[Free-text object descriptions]
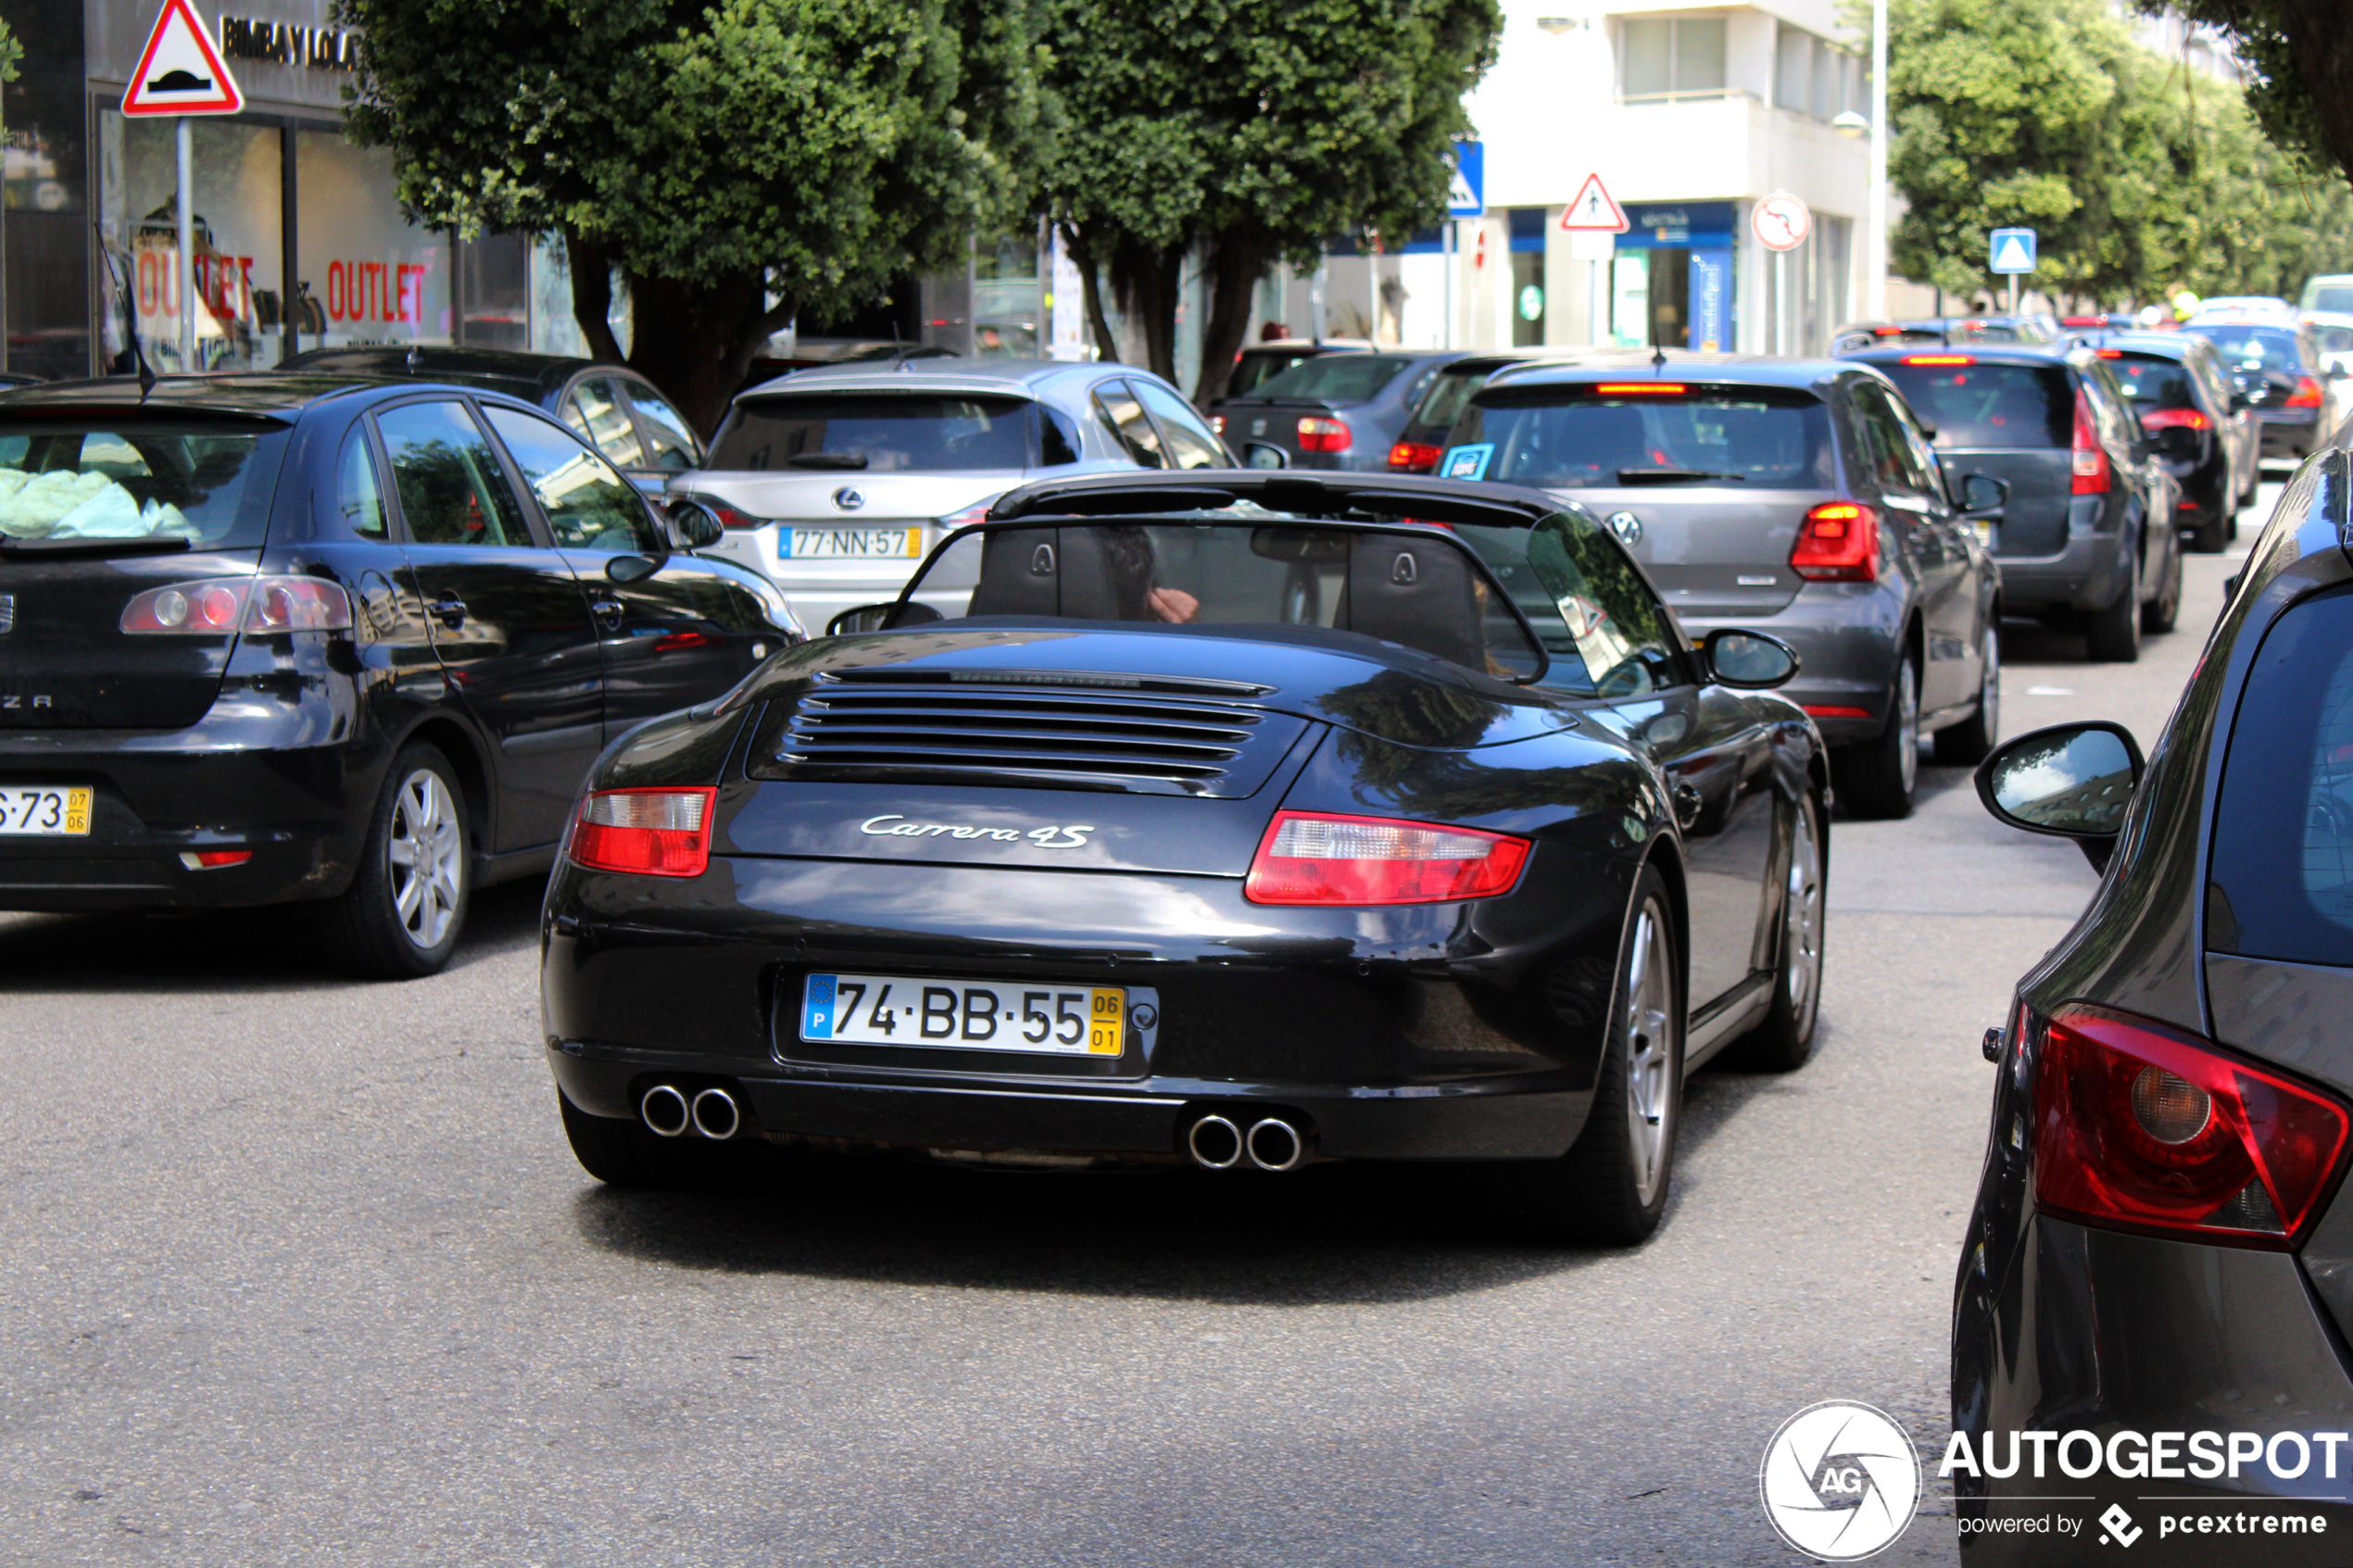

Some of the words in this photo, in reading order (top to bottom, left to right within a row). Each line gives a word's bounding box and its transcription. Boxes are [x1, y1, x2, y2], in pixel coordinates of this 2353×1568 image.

[220, 15, 285, 64] BIMBA
[285, 25, 302, 66] Y
[303, 27, 359, 71] LOLA
[328, 260, 425, 322] OUTLET
[69, 794, 86, 806] 07
[69, 816, 84, 829] 06
[861, 815, 1020, 842] Carrera
[1027, 825, 1095, 848] 4S
[1094, 995, 1118, 1014] 06
[813, 1013, 825, 1028] P
[1092, 1029, 1114, 1047] 01

→ **WHAT YOU ARE ASKED TO DO**: Could you repeat all of the entries exactly, without the pictures?

→ **RESULT FOR THIS EXERCISE**:
Some of the words in this photo, in reading order (top to bottom, left to right within a row). Each line gives a word's bounding box and its transcription. Boxes are [x1, y1, x2, y2], in pixel coordinates of this 2353×1568 image.

[220, 15, 285, 64] BIMBA
[285, 25, 302, 66] Y
[303, 27, 359, 71] LOLA
[328, 260, 425, 322] OUTLET
[69, 794, 86, 806] 07
[69, 816, 84, 829] 06
[861, 815, 1020, 842] Carrera
[1027, 825, 1095, 848] 4S
[1094, 995, 1118, 1014] 06
[813, 1013, 825, 1028] P
[1092, 1029, 1114, 1047] 01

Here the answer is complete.